TASK REQUIREMENTS: Transcribe each entry exactly, without pictures.

=== EXERCISE MATERIALS ===

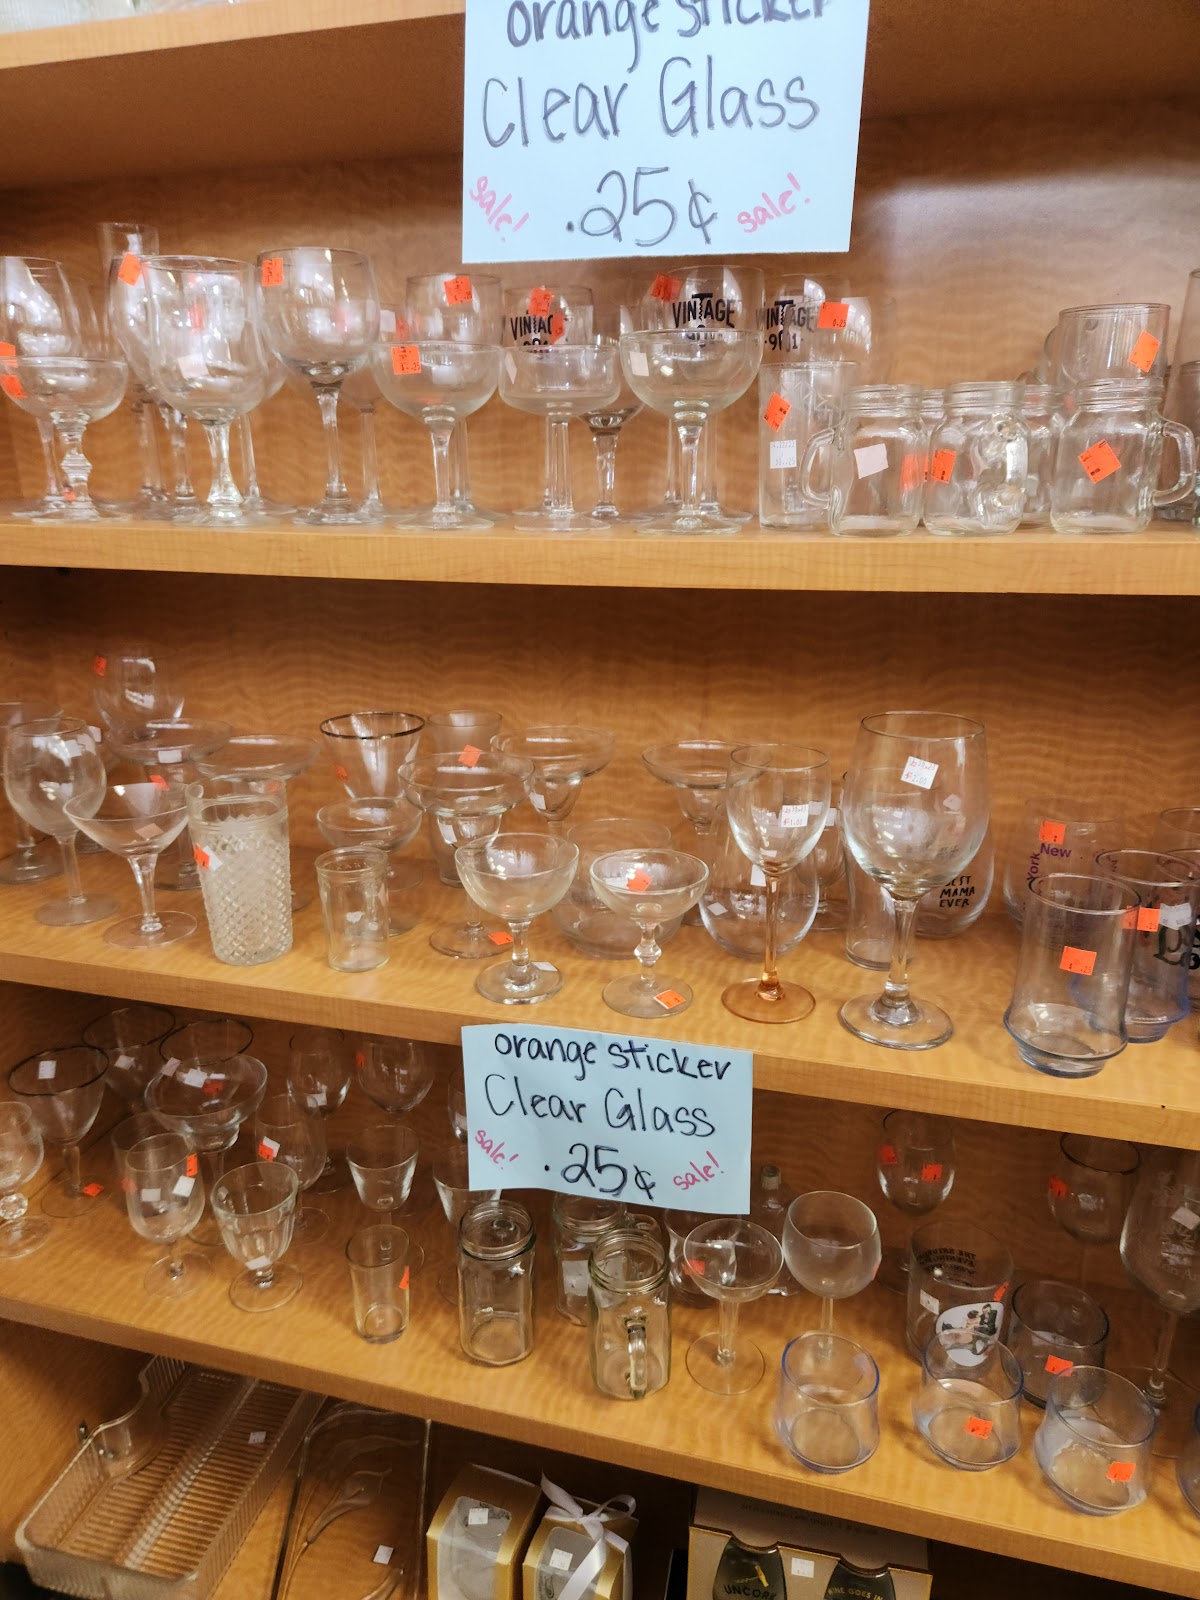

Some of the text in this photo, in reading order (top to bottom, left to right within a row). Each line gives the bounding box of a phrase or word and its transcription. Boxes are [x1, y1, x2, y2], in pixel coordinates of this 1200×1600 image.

[507, 0, 660, 73] orange
[482, 54, 821, 148] Clear Glass
[469, 176, 530, 243] sale!
[737, 172, 812, 234] sale!
[672, 293, 735, 328] VINTAGE
[1027, 852, 1041, 881] York
[1040, 843, 1072, 858] New
[940, 886, 975, 899] MAMA
[945, 875, 971, 887] EST
[940, 898, 970, 908] EVER
[494, 1033, 731, 1081] orange sticker
[484, 1074, 715, 1138] Clear Glass
[474, 1129, 519, 1170] sale!
[672, 1151, 725, 1190] sale!
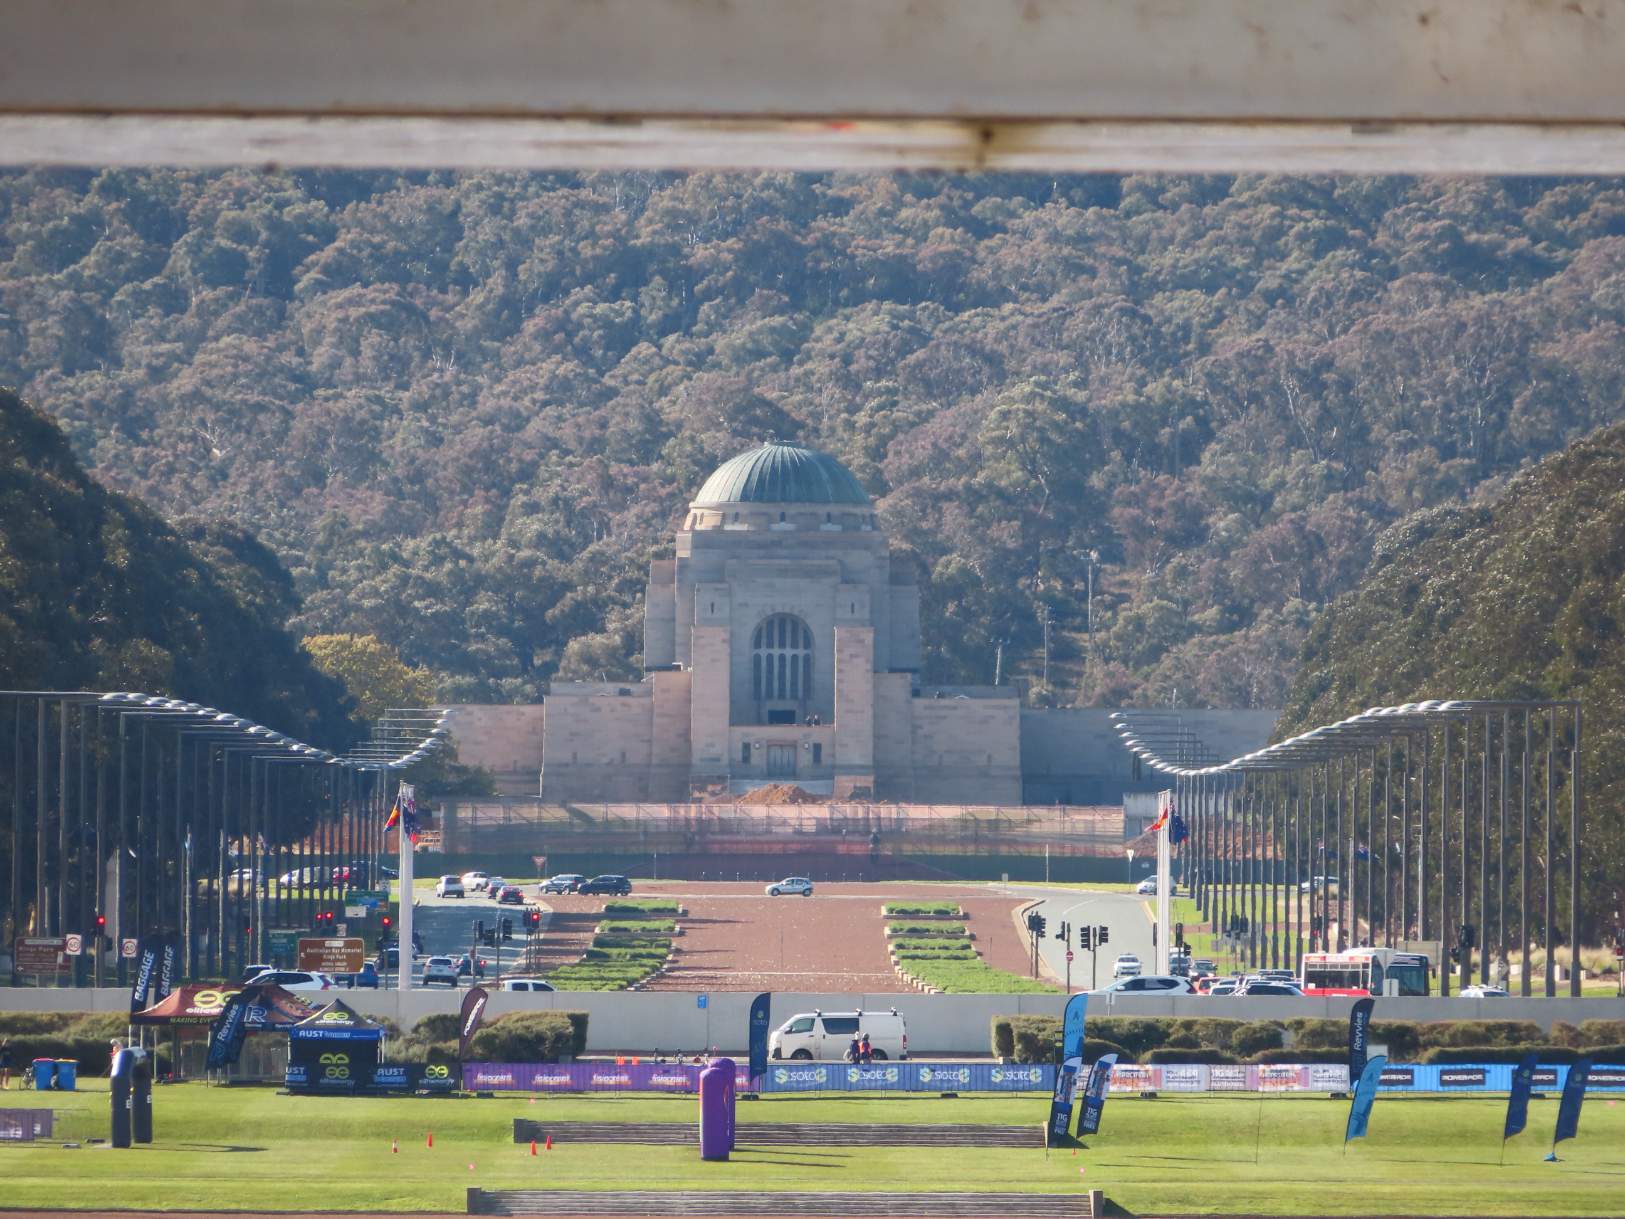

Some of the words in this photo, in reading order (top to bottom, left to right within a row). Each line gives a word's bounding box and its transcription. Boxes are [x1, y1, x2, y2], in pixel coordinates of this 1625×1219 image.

[134, 951, 154, 1002] BAGGAGE
[160, 945, 175, 997] BAGGAGE
[217, 1004, 239, 1041] Revvies
[299, 1030, 323, 1038] AUST
[1354, 1012, 1364, 1051] Revvies
[377, 1067, 404, 1076] AUST

===

YOUR RESPONSE:
Some of the text in this photo, in reading order (top to bottom, left to right within a row). Each line gives the bounding box of a phrase or word and its transcription. Boxes are [x1, y1, x2, y2], in pixel coordinates of this 1200×1600 image.

[507, 0, 660, 73] orange
[482, 54, 821, 148] Clear Glass
[469, 176, 530, 243] sale!
[737, 172, 812, 234] sale!
[672, 293, 735, 328] VINTAGE
[1027, 852, 1041, 881] York
[1040, 843, 1072, 858] New
[940, 886, 975, 899] MAMA
[945, 875, 971, 887] EST
[940, 898, 970, 908] EVER
[494, 1033, 731, 1081] orange sticker
[484, 1074, 715, 1138] Clear Glass
[474, 1129, 519, 1170] sale!
[672, 1151, 725, 1190] sale!

Some of the words in this photo, in reading order (top to bottom, left to right within a row). Each line gives a word's bounding box and its transcription. Boxes are [x1, y1, x2, y2], in pixel coordinates of this 1625×1219 image.

[134, 951, 154, 1002] BAGGAGE
[160, 945, 175, 997] BAGGAGE
[217, 1004, 239, 1041] Revvies
[299, 1030, 323, 1038] AUST
[1354, 1012, 1364, 1051] Revvies
[377, 1067, 404, 1076] AUST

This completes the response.